Bruce Janaway – Puritanical Odes
As England shivers beneath an onslaught of unseasonably harsh weather, Sunbeam Records continues its ongoing mission to explore strange new (old) sounds, to seek out new (old) music and artistes, to boldly go where no reissue label has gone before. And with the autumnal battering the country is presently undergoing*, what better time to take a listen to this latest reissue, Bruce Janaway’s Puritanical Odes; what is a prime example of the miserable-bastard fest and musical sub-genre nowadays referred to as ‘downer folk’.

They don’t come much more arcane than this slice of 1977 acid folk. It began life as a private pressing of just 200 vinyl copies, which was then circulated among a selective audience. Far out!
Shot through with a lyrical bitterness that underlines Janaway’s apparent disgust with this mess of a world, through painfully crafted metaphor and the minimalist acid folk sound he employs, Puritanical Odes is six acoustic songs (entitled ‘Odes’ A to E and ‘Labour Pains’) performed on the 12-string guitar. There is no accompaniment other than the occasional haunting choral shriek and disconcerting bursts of erratic feedback.
As I said, miserable bastard!
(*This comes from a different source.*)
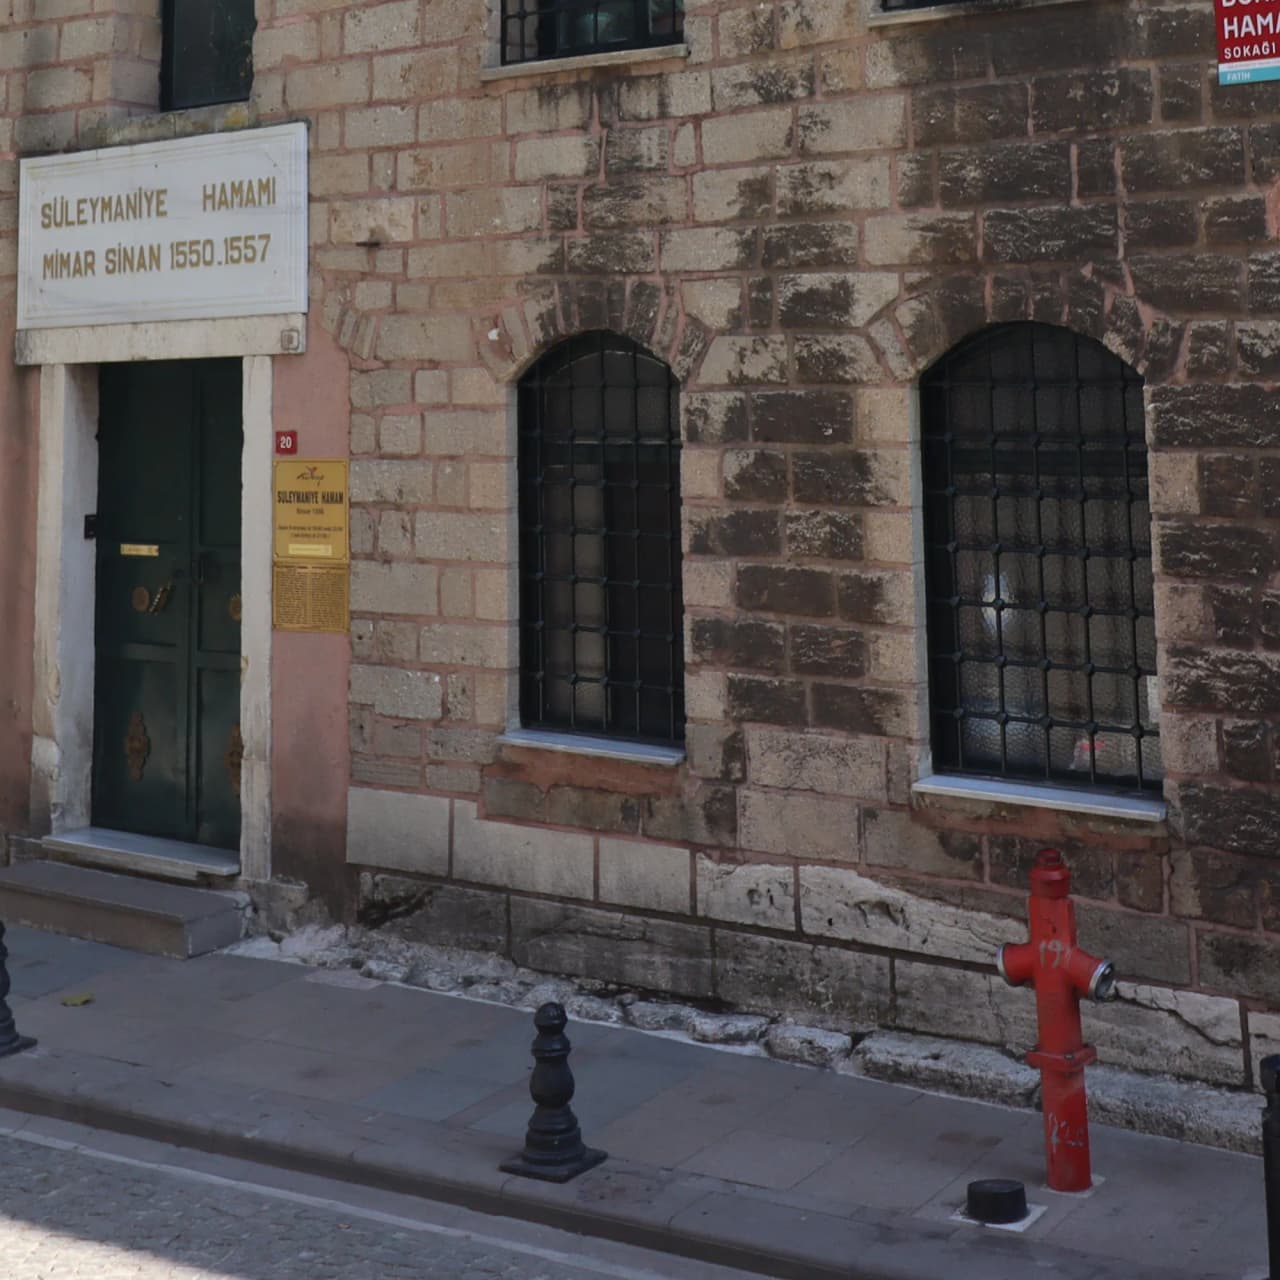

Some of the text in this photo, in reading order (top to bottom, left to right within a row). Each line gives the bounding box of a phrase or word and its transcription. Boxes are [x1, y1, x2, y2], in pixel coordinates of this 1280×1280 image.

Which suits HFoS fine; we too are a hotbed of discontent and barely suppressed misanthropic rage.
Not really one to get the party going with a bang, Puritanical Odes is one man’s journey to the edge of darkness and the devastation that lies beyond. Janaway offers little in the way of hope throughout… in fact, scrub that; Janaway offers nothing in the way of hope, such is the pessimistic vibe that permeates every last note and every last word uttered in his rich and twilight timbre. But this isn’t an album about hope.
Puritanical Odes voices a frustration with life at an intensely personal level. Such was its limited pressing and method of distribution, one wonders whether something so abstractly intimate was ever intended to be heard by a wider public. The sketchy liner notes, supplied by Janaway himself, noticeably avoid mentioning the album altogether, instead offering a bio that briefly touches upon where his head may have been at the time of recording.
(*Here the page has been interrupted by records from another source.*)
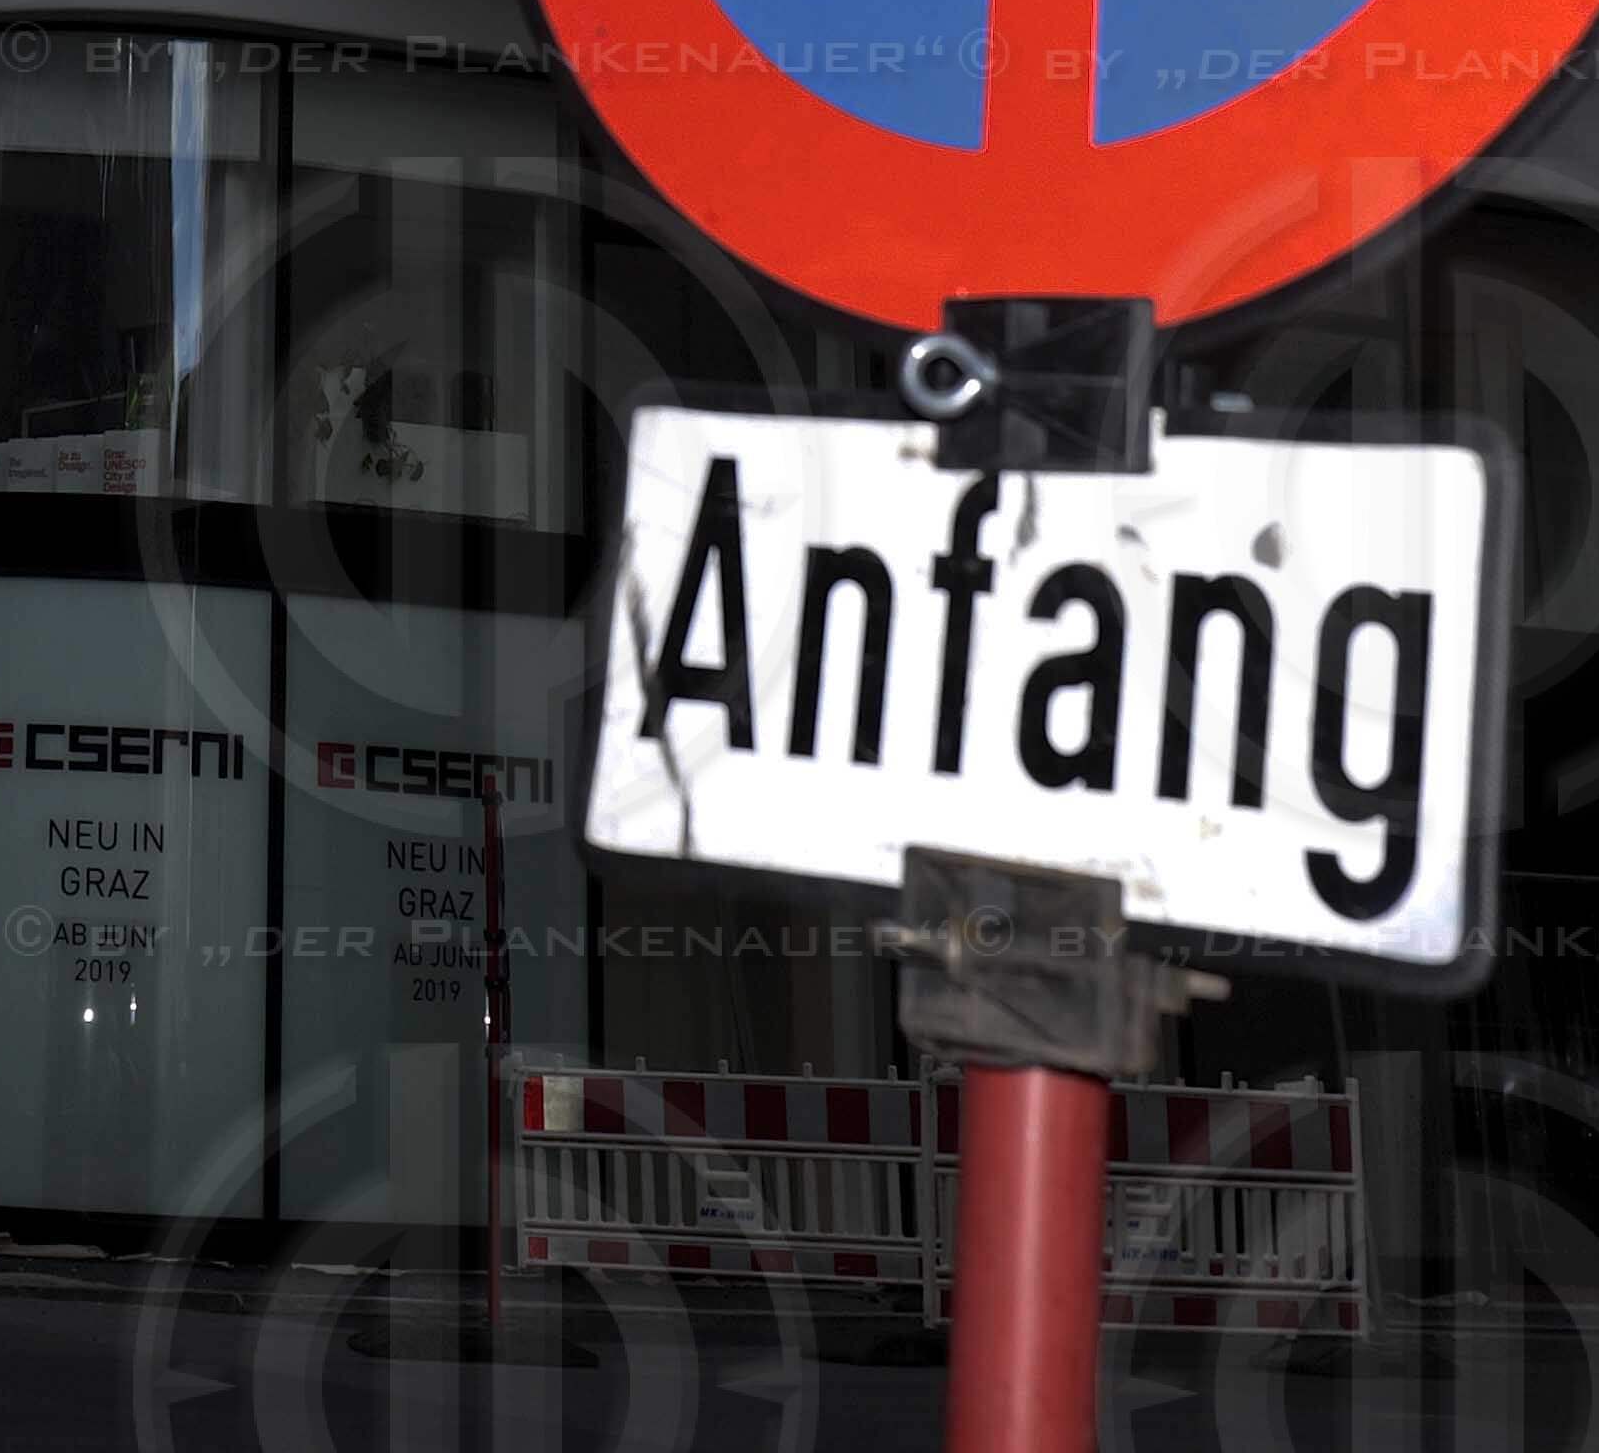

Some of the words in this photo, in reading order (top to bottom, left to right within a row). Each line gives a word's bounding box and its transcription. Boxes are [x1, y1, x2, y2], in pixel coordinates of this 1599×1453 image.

[105, 460, 146, 470] UNESCO
[638, 454, 1435, 922] Anfang
[49, 819, 118, 852] NEU
[132, 822, 165, 854] IN
[387, 841, 447, 873] NEU
[459, 844, 487, 876] IN
[60, 868, 151, 901] GRAZ
[398, 889, 475, 921] GRAZ
[53, 923, 89, 947] AB
[95, 924, 156, 950] JUNI
[74, 959, 132, 984] 2019
[394, 944, 422, 968] AB
[427, 945, 482, 971] JUNI
[413, 979, 461, 1003] 2019
Still, Puritanical Odes is never a difficult listen, which is testament to Janaway’s skill as a musician and the searing complexity of his 12-string compositions. It’s certainly not for everyone, but within the framework of the 1970′s folk lexicon it provides a chilling counterpoint to the sanguine sojourns put out by the less cynical, hippified contingent.
As unsettling as Comus’s First Utterance, though at a deeper, more cerebral level, Puritanical Odes is well worth a listen, though maybe not as a fireside, autumnal warmer.
*Chance would be a fine thing. Instead of delicate grey mists and chilly mornings, we are presently nudging melting point with some of the hottest weather October has ever seen.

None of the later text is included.